## Activity
Skip the pictures and repeat each line of the data exactly.

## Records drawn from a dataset
:::
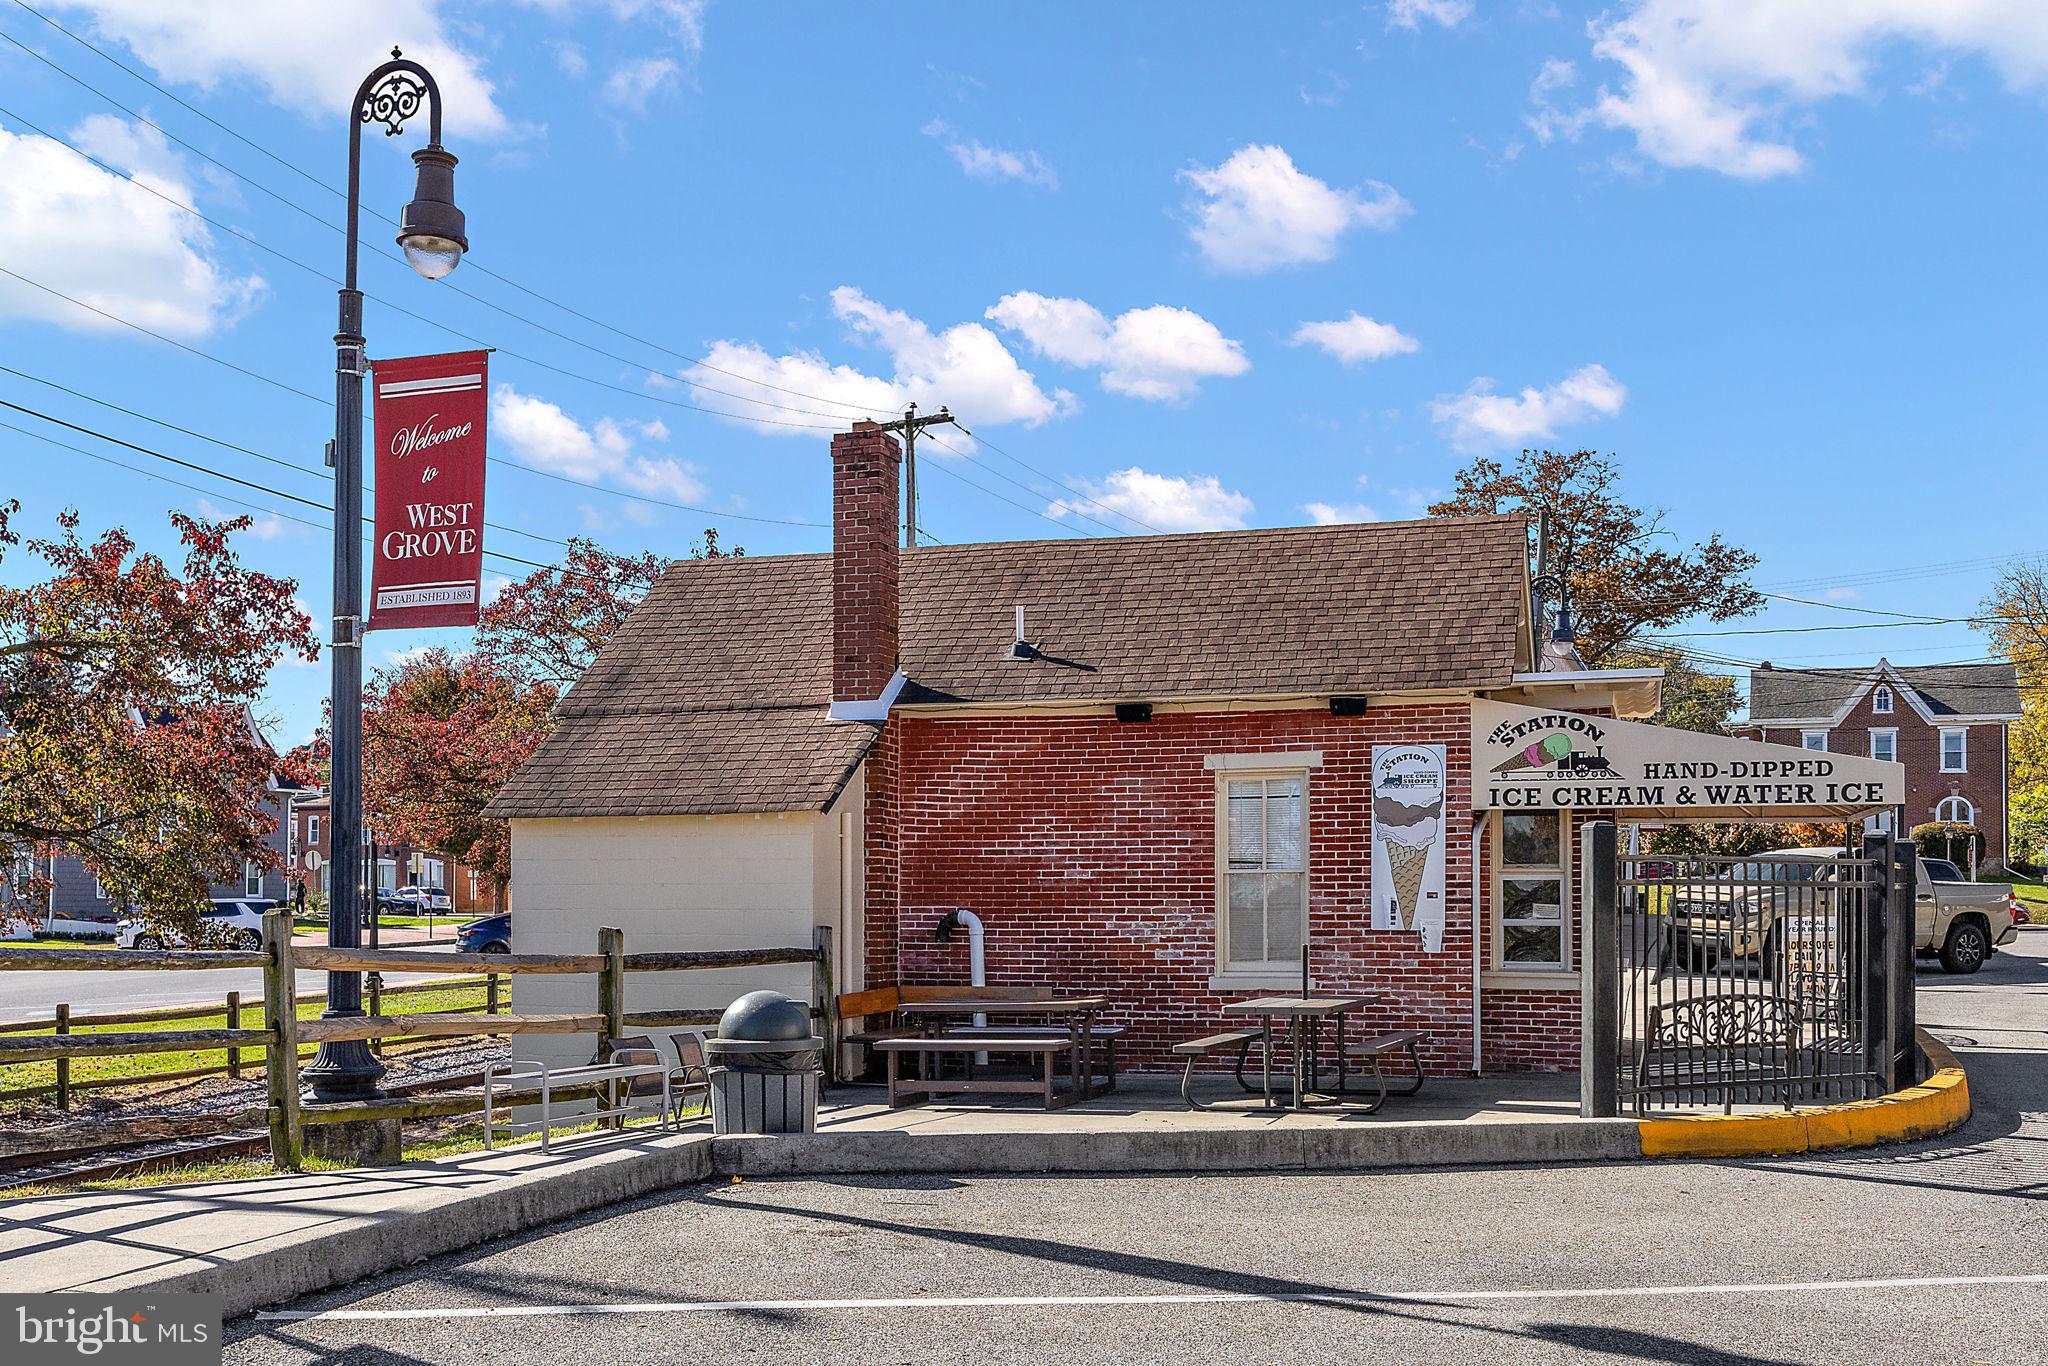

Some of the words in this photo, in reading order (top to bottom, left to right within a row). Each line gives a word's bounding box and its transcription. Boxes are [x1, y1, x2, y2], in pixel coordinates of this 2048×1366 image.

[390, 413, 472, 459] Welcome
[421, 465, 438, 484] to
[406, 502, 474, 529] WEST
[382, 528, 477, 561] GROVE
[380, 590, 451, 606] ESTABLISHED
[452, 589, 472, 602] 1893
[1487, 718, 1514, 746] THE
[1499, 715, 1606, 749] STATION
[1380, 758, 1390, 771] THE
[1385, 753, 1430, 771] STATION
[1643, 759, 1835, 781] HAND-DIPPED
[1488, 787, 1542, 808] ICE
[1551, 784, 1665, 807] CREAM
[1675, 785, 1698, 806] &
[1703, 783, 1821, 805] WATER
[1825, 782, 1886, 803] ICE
:::
## Solution to this problem
Some of the words in this photo, in reading order (top to bottom, left to right within a row). Each line gives a word's bounding box and its transcription. Boxes are [x1, y1, x2, y2], in pixel coordinates of this 2048×1366 image.

[390, 413, 472, 459] Welcome
[421, 465, 438, 484] to
[406, 502, 474, 529] WEST
[382, 528, 477, 561] GROVE
[380, 590, 451, 606] ESTABLISHED
[452, 589, 472, 602] 1893
[1487, 718, 1514, 746] THE
[1499, 715, 1606, 749] STATION
[1380, 758, 1390, 771] THE
[1385, 753, 1430, 771] STATION
[1643, 759, 1835, 781] HAND-DIPPED
[1488, 787, 1542, 808] ICE
[1551, 784, 1665, 807] CREAM
[1675, 785, 1698, 806] &
[1703, 783, 1821, 805] WATER
[1825, 782, 1886, 803] ICE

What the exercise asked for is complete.